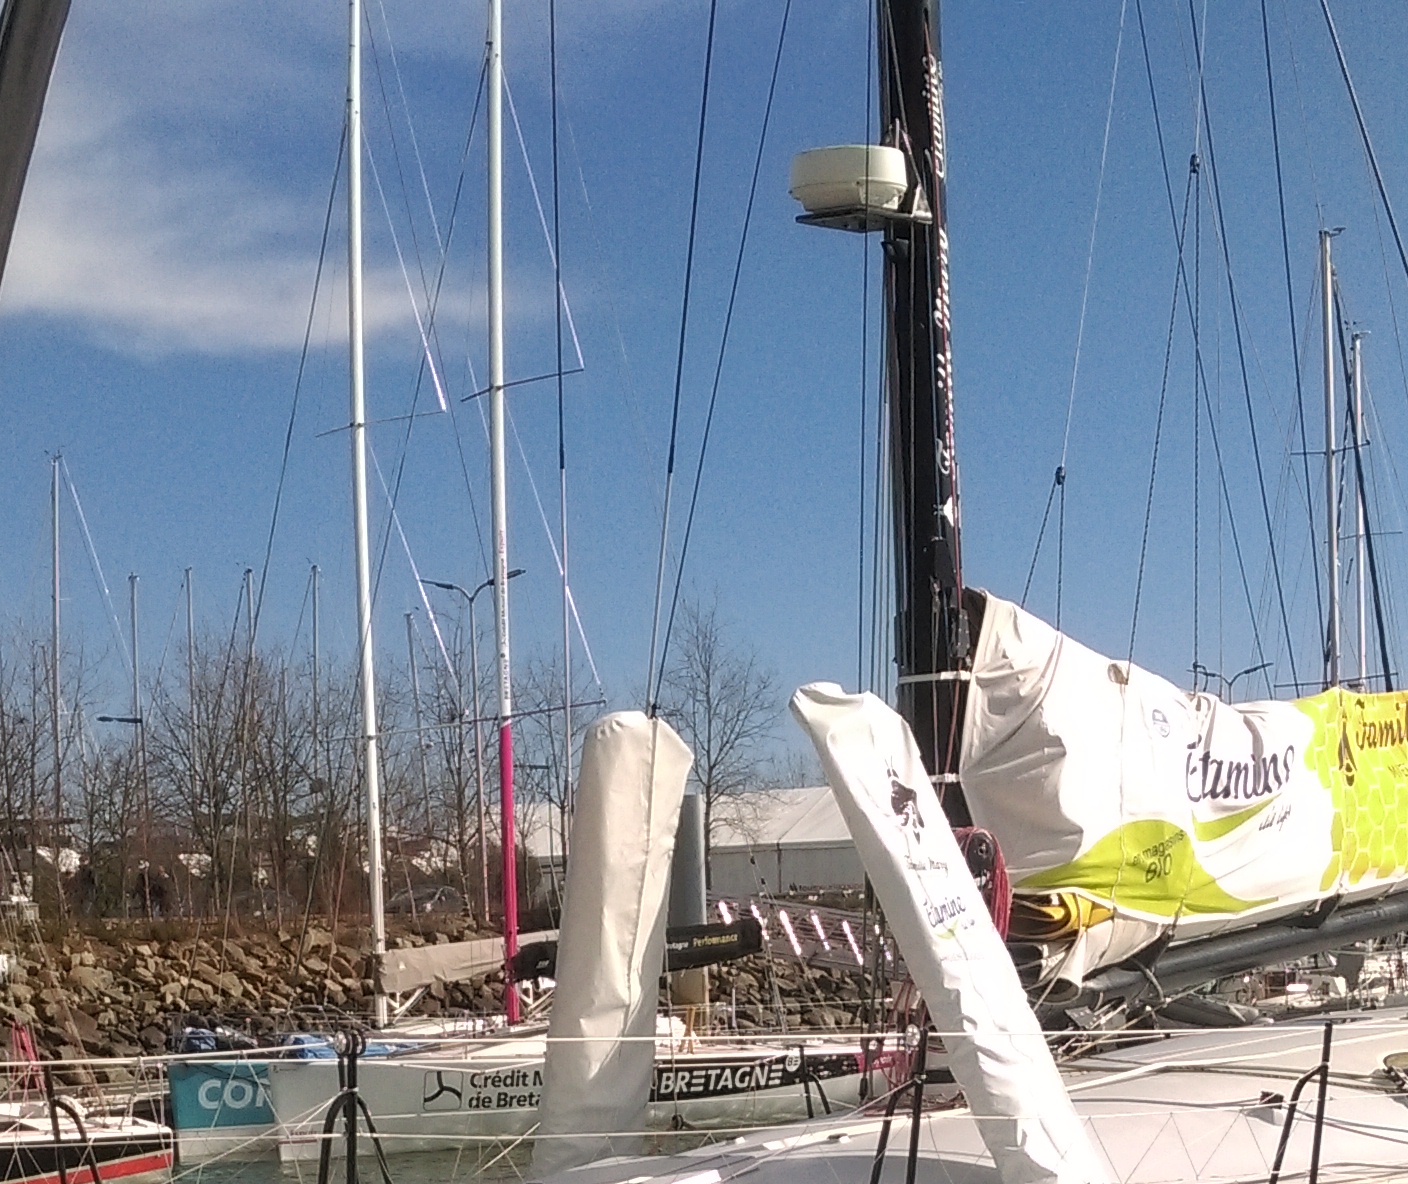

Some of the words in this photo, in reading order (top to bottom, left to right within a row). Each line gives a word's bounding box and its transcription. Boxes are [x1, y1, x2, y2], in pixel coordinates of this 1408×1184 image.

[1145, 853, 1172, 883] BIO
[470, 1070, 529, 1089] Crédit
[659, 1064, 783, 1094] BRETAGNE
[468, 1091, 492, 1109] de

───

WHAT THE TASK ASKS: Once the pictures are set aside, output all of the data above verbatim.

TASK SOLUTION:
Some of the words in this photo, in reading order (top to bottom, left to right within a row). Each line gives a word's bounding box and its transcription. Boxes are [x1, y1, x2, y2], in pixel coordinates of this 1408×1184 image.

[1145, 853, 1172, 883] BIO
[470, 1070, 529, 1089] Crédit
[659, 1064, 783, 1094] BRETAGNE
[468, 1091, 492, 1109] de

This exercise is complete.